In a major move to offer institutional and retail clients more investment solutions, Charles Schwab Corp. is acquiring Windward Investment Management for $150 million.

The acquisition of the Boston-based independent RIA represents a departure for Schwab, which is the largest provider of custodial services to independent RIAs. Schwab chiefly focuses on organic growth and the few acquisitions it is has made in recent years-U.S. Trust in 2000 and the private asset management business of State Street Corp. in 2003, for example-have typically involved large institutional businesses.

Windward relies on a quantitative, risk-controlled strategy to manage $3.9 billion in assets, primarily ETFs, for individuals, other RIAs, non-profit organizations, and retirement plans. The high premium that Schwab decided to pay is clearly reflective of the firm's 56% annual growth rate over the last five years, according to sources.

The firm's founder and chief investment officer, Stephen Cucchiaro, and his investment team will remain at the firm. Schwab is clearly betting that it can continue to drive Windward's growth by offering its services to independent RIAs at a lower cost, as well as to retail investors through its managed account platform.

Schwab CEO Walt Bettinger remarked that the emphasis that Windward's investment style places on risk management is "an ideal approach for today's world."

Windward blends active and passive management in search of risk-adjusted returns with an emphasis on downside protection. The approach employs a broad range of global markets and assets, including equities, fixed income, hard assets, real estate and currencies. The company rebalances its portfolios three times a year (sometimes more, depending on market conditions), and invests in indexes through low-cost exchange-traded funds, exchange-traded notes and registered funds. It might use individual securities, such as money market funds when it holds cash as an asset.

The acquisition of Windward comes at a time when Schwab is ramping up the breadth of ETF strategies it offers advisors and retail clients. Bernie Clark, executive vice president for Charles Schwab Advisor Services, said in an interview that Windward uses 40 different asset classes packaged into three different categories: diversified conservative, diversified growth and diversified aggressive. "It's a strategy that performs well to the down side as well as the up side," Clark said.

He added that future acquisitions were a possibility. "We're looking for solutions for advisors-scalable open architecture answers for all our clients," Clark said. "We are going to buy sometimes [to accomplish that]."

Windward's investment products will be offered through Schwab's advisor and retail platforms.
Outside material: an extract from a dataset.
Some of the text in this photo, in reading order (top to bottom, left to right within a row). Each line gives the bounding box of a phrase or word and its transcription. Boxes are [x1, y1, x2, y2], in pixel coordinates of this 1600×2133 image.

Windward will no longer market investments directly to retail investors, according to Schwab

Cucchiaro says Windward has been approached by various firms over the years about forming a strategic partnership with Windward, but that he preferred the company to remain independently owned. He notes the deal with Schwab evolved during the course of conversations resulting from their long-term relationship.
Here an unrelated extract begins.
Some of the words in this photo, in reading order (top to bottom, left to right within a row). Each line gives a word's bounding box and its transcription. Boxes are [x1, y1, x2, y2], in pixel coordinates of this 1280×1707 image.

Schwab has provided custodial services to Windward for 15 years and handles two thirds of the firm's assets under management, according to Cucchiaro.

Cucchiaro says the Schwab deal enables Windward to take its portfolio strategies to a broader audience and lets him concentrate on the investment side of the business. "Now I can focus my time on the investment methodology, which is where my passion is."

The deal is expected to close in the fourth quarter.

Windward was profiled in the March 2010 issue of Financial Advisor.